■ **PROBLEM DETAILS**
Each entry should be transcribed exactly as written, and any picture left out.

┄┄┄┄┄┄

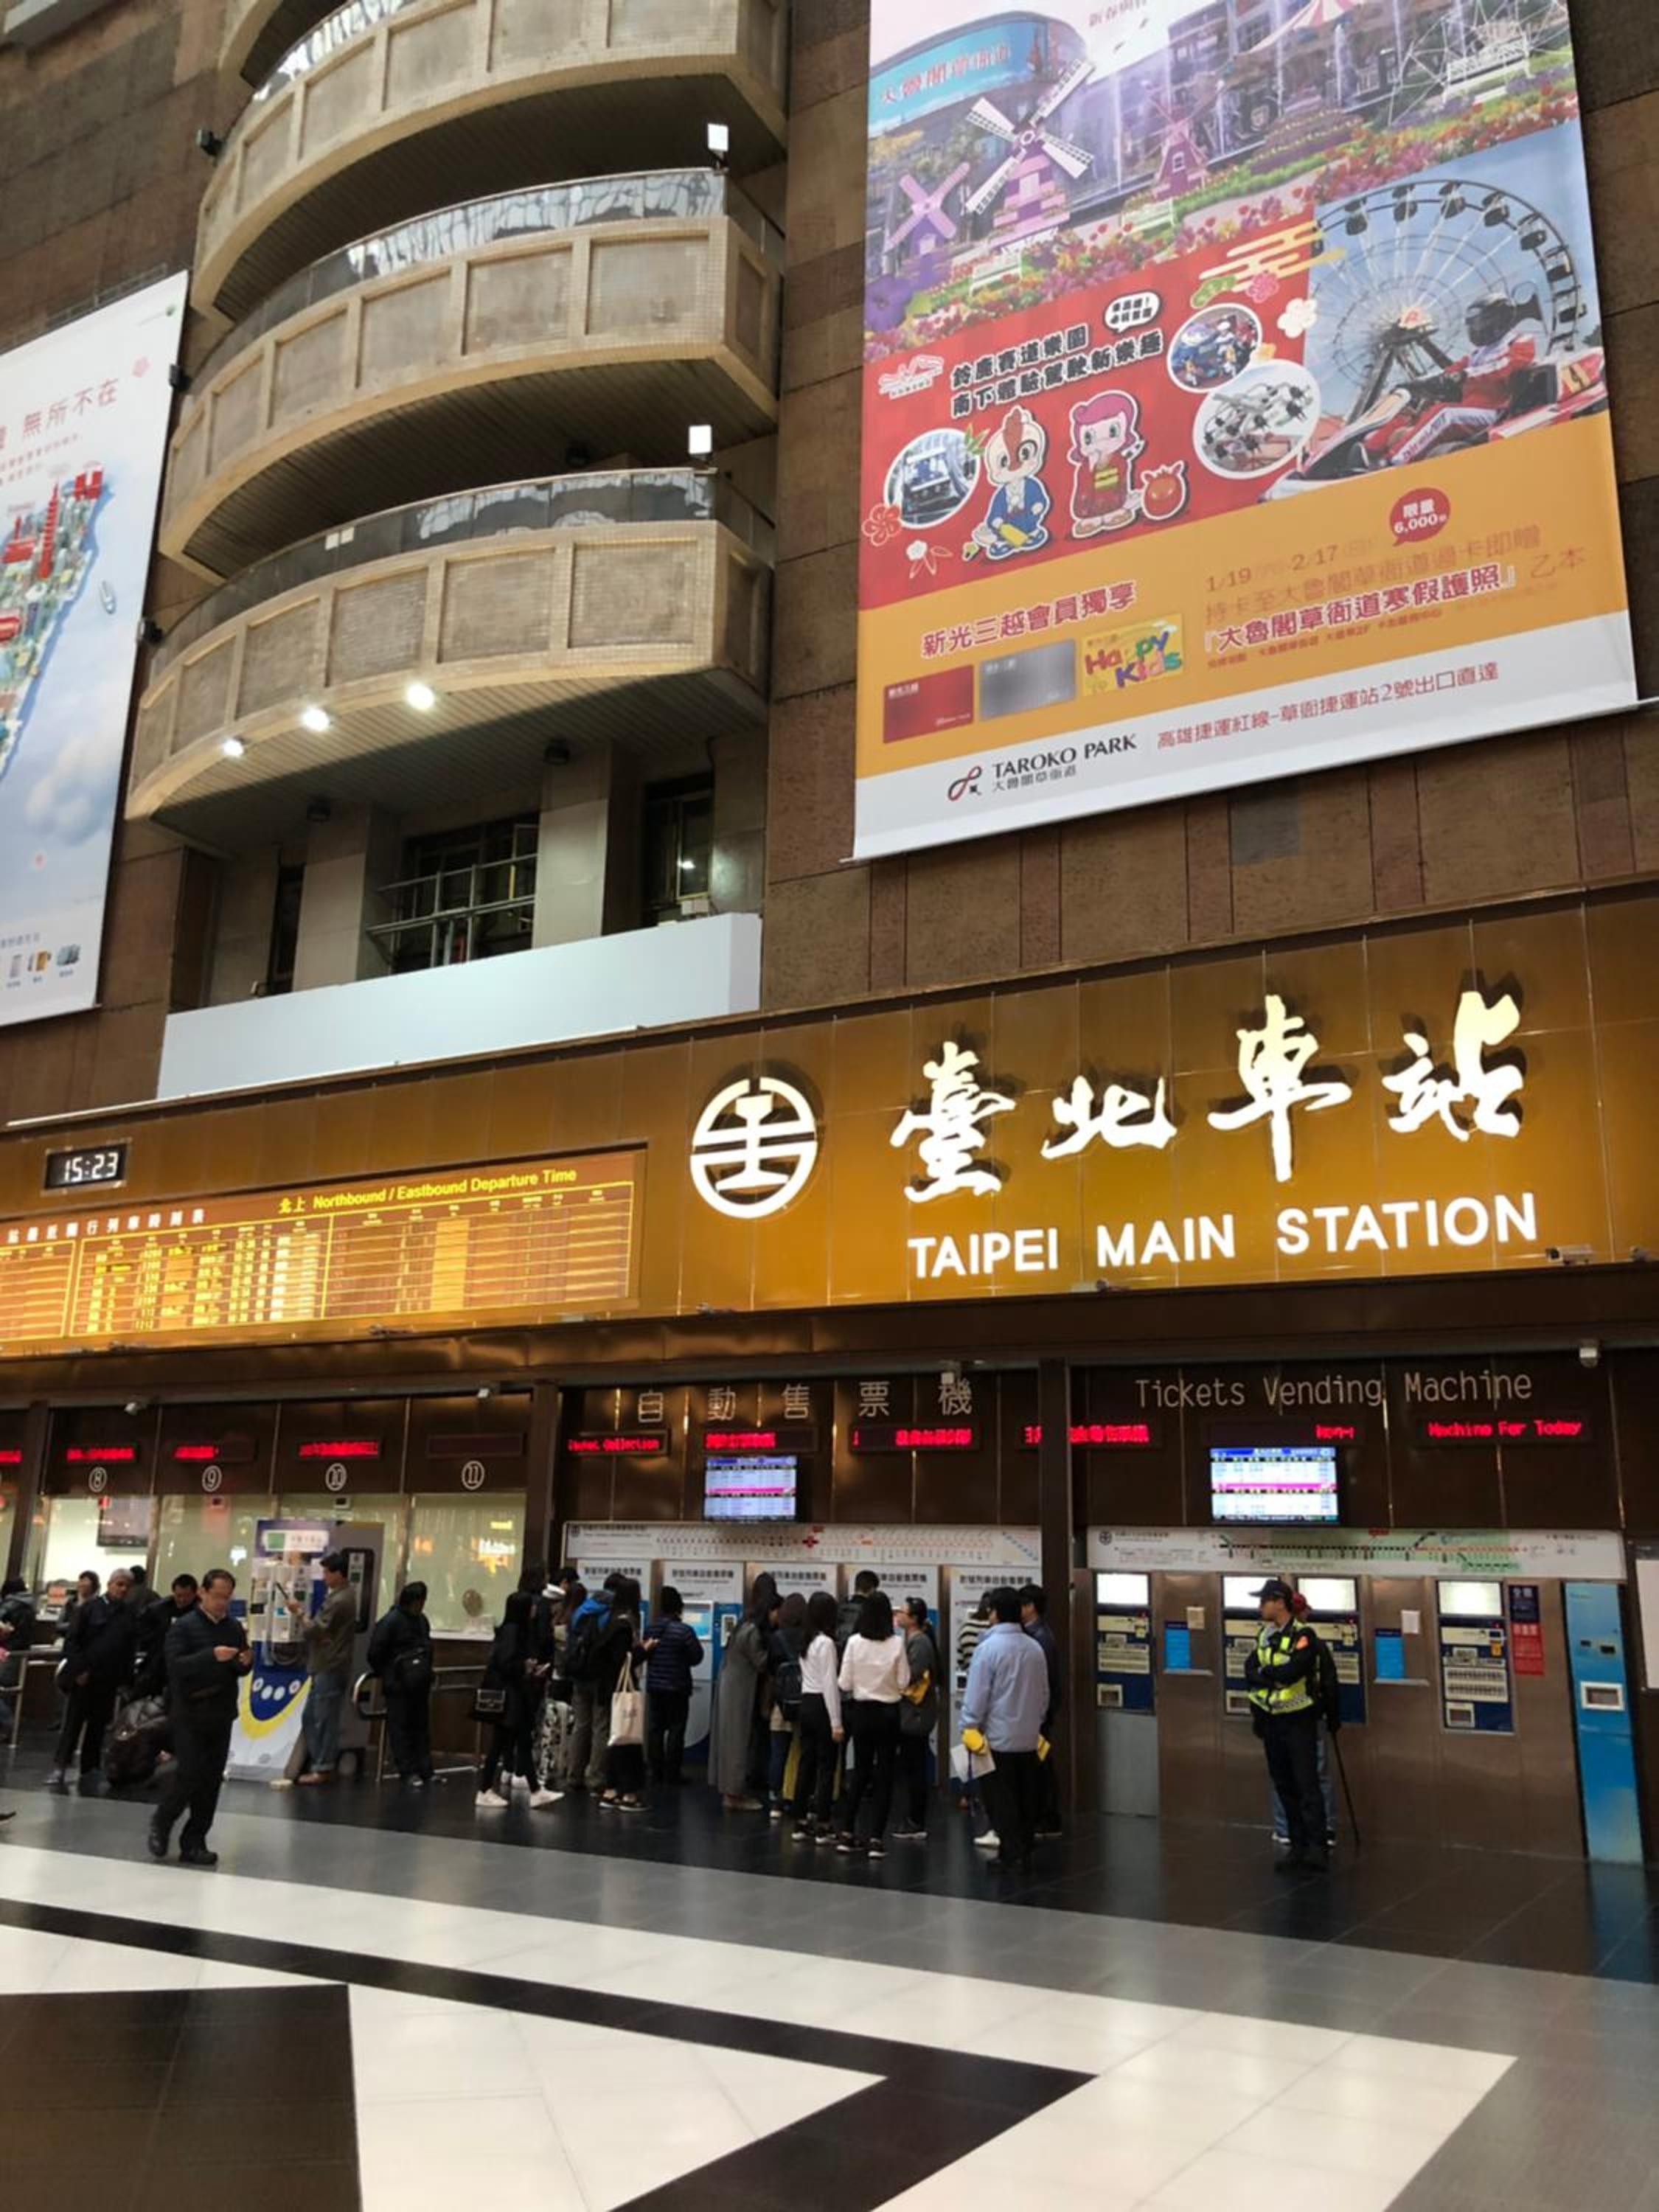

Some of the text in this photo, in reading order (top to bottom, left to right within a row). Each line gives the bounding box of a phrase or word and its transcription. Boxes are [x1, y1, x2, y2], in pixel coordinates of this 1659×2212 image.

[922, 581, 1135, 657] 新光三越會員獨享
[992, 734, 1138, 778] TAROKO PARK
[891, 992, 1524, 1203] 臺北車站
[64, 1151, 119, 1183] 15:23
[278, 1196, 306, 1214] 北上
[313, 1186, 386, 1209] Northbound
[397, 1178, 467, 1201] Eastbound
[471, 1174, 538, 1195] Departure
[543, 1168, 577, 1185] Time
[908, 1193, 1537, 1277] TAIPEI MAIN STATION
[637, 1377, 973, 1424] 自動售票機
[1135, 1369, 1533, 1408] Tickets Vending Machine
[1534, 1419, 1582, 1436] Today

┄┄┄┄┄┄

■ **PROBLEM SOLUTION**
Some of the text in this photo, in reading order (top to bottom, left to right within a row). Each line gives the bounding box of a phrase or word and its transcription. Boxes are [x1, y1, x2, y2], in pixel coordinates of this 1659×2212 image.

[922, 581, 1135, 657] 新光三越會員獨享
[992, 734, 1138, 778] TAROKO PARK
[891, 992, 1524, 1203] 臺北車站
[64, 1151, 119, 1183] 15:23
[278, 1196, 306, 1214] 北上
[313, 1186, 386, 1209] Northbound
[397, 1178, 467, 1201] Eastbound
[471, 1174, 538, 1195] Departure
[543, 1168, 577, 1185] Time
[908, 1193, 1537, 1277] TAIPEI MAIN STATION
[637, 1377, 973, 1424] 自動售票機
[1135, 1369, 1533, 1408] Tickets Vending Machine
[1534, 1419, 1582, 1436] Today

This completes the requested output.